On 11/8/21 12:23 PM, Alexey Makhalov wrote:
> There is a kernel panic caused by pcpu_alloc_pages() passing
> offlined and uninitialized node to alloc_pages_node() leading
> to panic by NULL dereferencing uninitialized NODE_DATA(nid).
> 
>  CPU2 has been hot-added
>  BUG: unable to handle page fault for address: 0000000000001608
>  #PF: supervisor read access in kernel mode
>  #PF: error_code(0x0000) - not-present page
>  PGD 0 P4D 0
>  Oops: 0000 [#1] SMP PTI
>  CPU: 0 PID: 1 Comm: systemd Tainted: G            E     5.15.0-rc7+ #11
>  Hardware name: VMware, Inc. VMware7,1/440BX Desktop Reference Platform, BIOS VMW
> 
>  RIP: 0010:__alloc_pages+0x127/0x290
>  Code: 4c 89 f0 5b 41 5c 41 5d 41 5e 41 5f 5d c3 44 89 e0 48 8b 55 b8 c1 e8 0c 83 e0 01 88 45 d0 4c 89 c8 48 85 d2 0f 85 1a 01 00 00 <45> 3b 41 08 0f 82 10 01 00 00 48 89 45 c0 48 8b 00 44 89 e2 81 e2
>  RSP: 0018:ffffc900006f3bc8 EFLAGS: 00010246
>  RAX: 0000000000001600 RBX: 0000000000000000 RCX: 0000000000000000
>  RDX: 0000000000000000 RSI: 0000000000000000 RDI: 0000000000000cc2
>  RBP: ffffc900006f3c18 R08: 0000000000000001 R09: 0000000000001600
>  R10: ffffc900006f3a40 R11: ffff88813c9fffe8 R12: 0000000000000cc2
>  R13: 0000000000000000 R14: 0000000000000001 R15: 0000000000000cc2
>  FS:  00007f27ead70500(0000) GS:ffff88807ce00000(0000) knlGS:0000000000000000
>  CS:  0010 DS: 0000 ES: 0000 CR0: 0000000080050033
>  CR2: 0000000000001608 CR3: 000000000582c003 CR4: 00000000001706b0
>  Call Trace:
>   pcpu_alloc_pages.constprop.0+0xe4/0x1c0
>   pcpu_populate_chunk+0x33/0xb0
>   pcpu_alloc+0x4d3/0x6f0
>   __alloc_percpu_gfp+0xd/0x10
>   alloc_mem_cgroup_per_node_info+0x54/0xb0
>   mem_cgroup_alloc+0xed/0x2f0
>   mem_cgroup_css_alloc+0x33/0x2f0
>   css_create+0x3a/0x1f0
>   cgroup_apply_control_enable+0x12b/0x150
>   cgroup_mkdir+0xdd/0x110
>   kernfs_iop_mkdir+0x4f/0x80
>   vfs_mkdir+0x178/0x230
>   do_mkdirat+0xfd/0x120
>   __x64_sys_mkdir+0x47/0x70
>   ? syscall_exit_to_user_mode+0x21/0x50
>   do_syscall_64+0x43/0x90
>   entry_SYSCALL_64_after_hwframe+0x44/0xae
> 
> Panic can be easily reproduced by disabling udev rule for
> automatic onlining hot added CPU followed by CPU with
> memoryless node (NUMA node with CPU only) hot add.
> 
> Hot adding CPU and memoryless node does not bring the node
> to online state.
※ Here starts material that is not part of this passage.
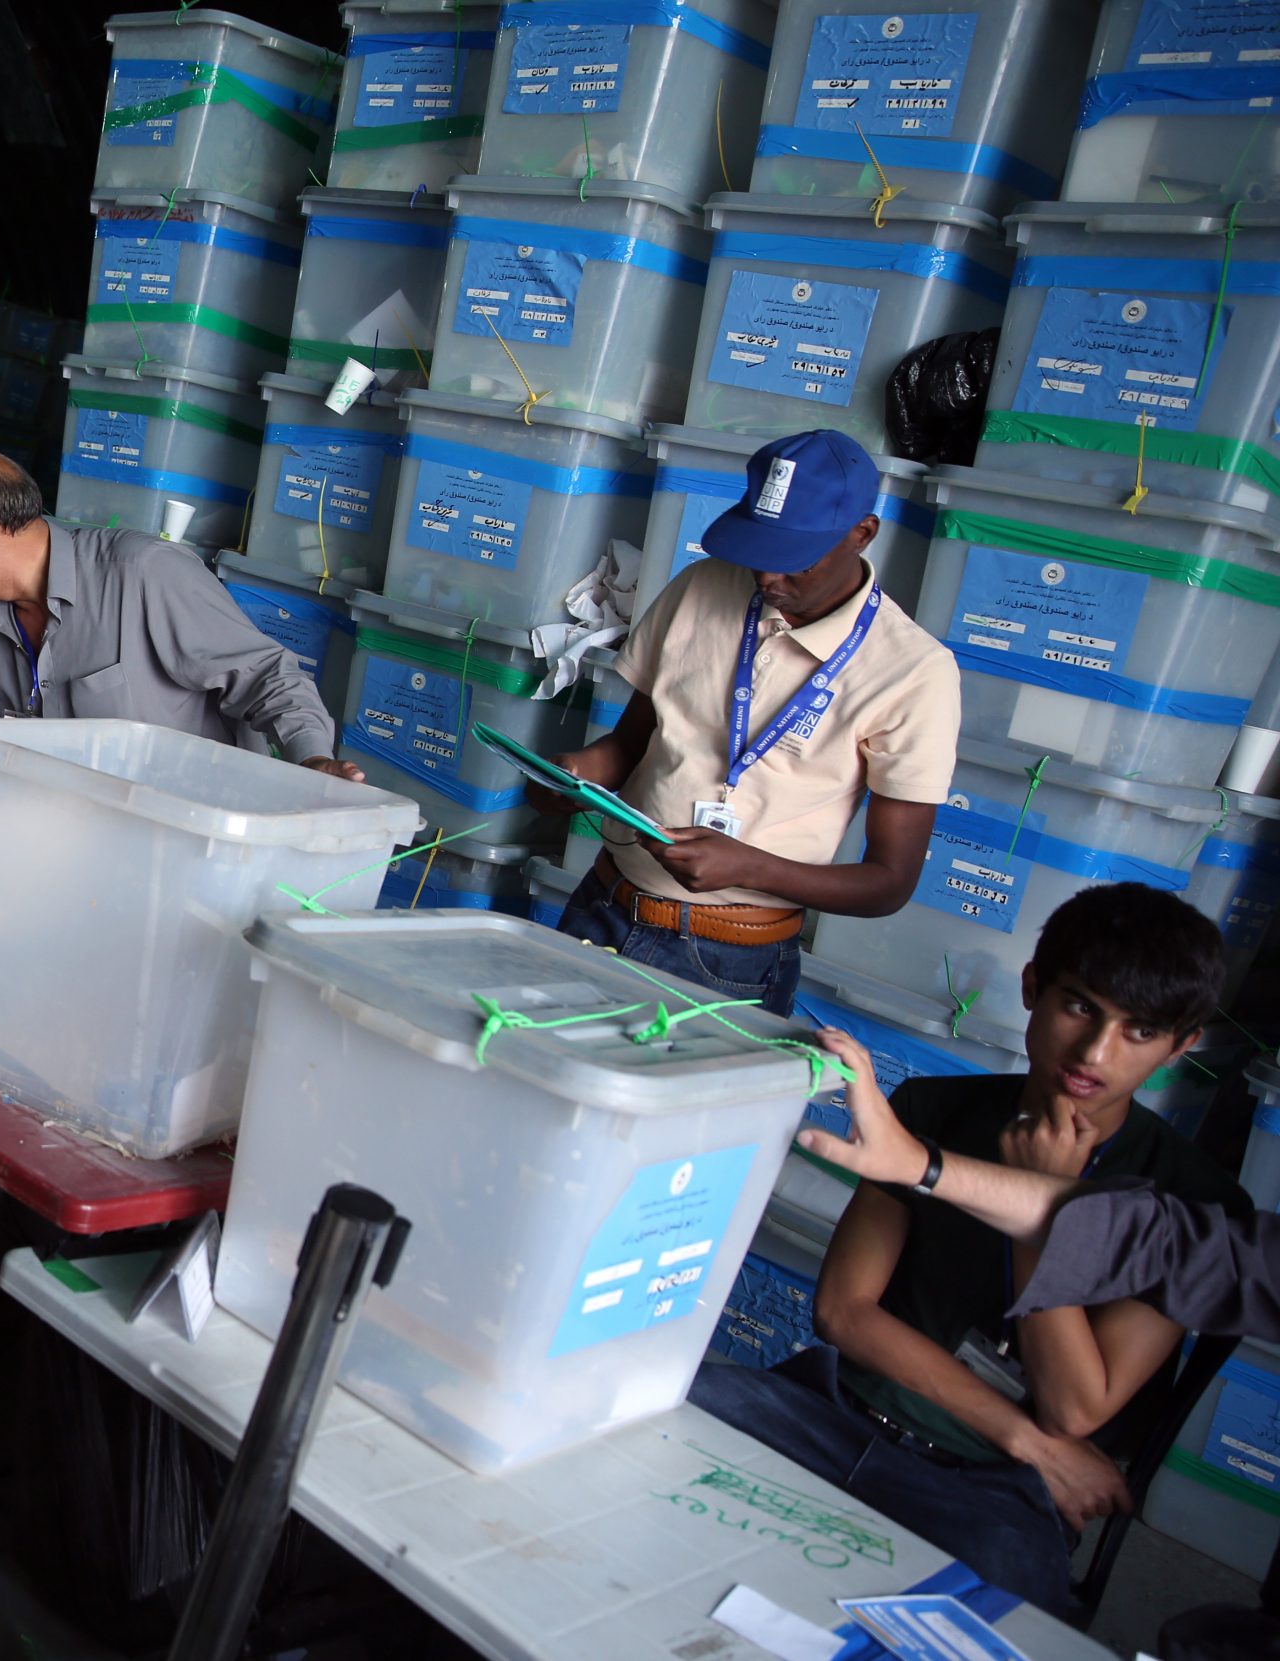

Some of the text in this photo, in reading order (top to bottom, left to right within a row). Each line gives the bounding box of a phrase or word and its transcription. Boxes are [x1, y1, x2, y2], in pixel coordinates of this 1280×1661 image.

Memoryless node will be onlined only during
> the onlining its CPU.
> 
> Node can be in one of the following states:
> 1. not present.(nid == NUMA_NO_NODE)
> 2. present, but offline (nid > NUMA_NO_NODE, node_online(nid) == 0,
> 				NODE_DATA(nid) == NULL)
> 3. present and online (nid > NUMA_NO_NODE, node_online(nid) > 0,
> 				NODE_DATA(nid) != NULL)
> 
> Percpu code is doing allocations for all possible CPUs. The
> issue happens when it serves hot added but not yet onlined
> CPU when its node is in 2nd state. This node is not ready
> to use, fallback to numa_mem_id().
> 
> Signed-off-by: Alexey Makhalov <amakhalov@vmware.com>
> Reviewed-by: David Hildenbrand <david@redhat.com>
> Cc: Andrew Morton <akpm@linux-foundation.org>
> Cc: David Hildenbrand <david@redhat.com>
> Cc: Michal Hocko <mhocko@suse.com>
> Cc: Oscar Salvador <osalvador@suse.de>
> Cc: Dennis Zhou <dennis@kernel.org>
> Cc: Tejun Heo <tj@kernel.org>
> Cc: Christoph Lameter <cl@linux.com>
> Cc: linux-mm@kvack.org
> Cc: linux-kernel@vger.kernel.org
> Cc: stable@vger.kernel.org
> ---
>  mm/percpu-vm.c | 8 ++++++--
>  1 file changed, 6 insertions(+), 2 deletions(-)
> 
> diff --git a/mm/percpu-vm.c b/mm/percpu-vm.c
> index 2054c9213..f58d73c92 100644
> --- a/mm/percpu-vm.c
> +++ b/mm/percpu-vm.c
> @@ -84,15 +84,19 @@ static int pcpu_alloc_pages(struct pcpu_chunk *chunk,
>  			    gfp_t gfp)
>  {
>  	unsigned int cpu, tcpu;
> -	int i;
> +	int i, nid;
>  
>  	gfp |= __GFP_HIGHMEM;
>  
>  	for_each_possible_cpu(cpu) {
> +		nid = cpu_to_node(cpu);
> +		if (nid == NUMA_NO_NODE || !node_online(nid))
> +			nid = numa_mem_id();

Maybe we should fail this fallback if (gfp & __GFP_THISNODE) ?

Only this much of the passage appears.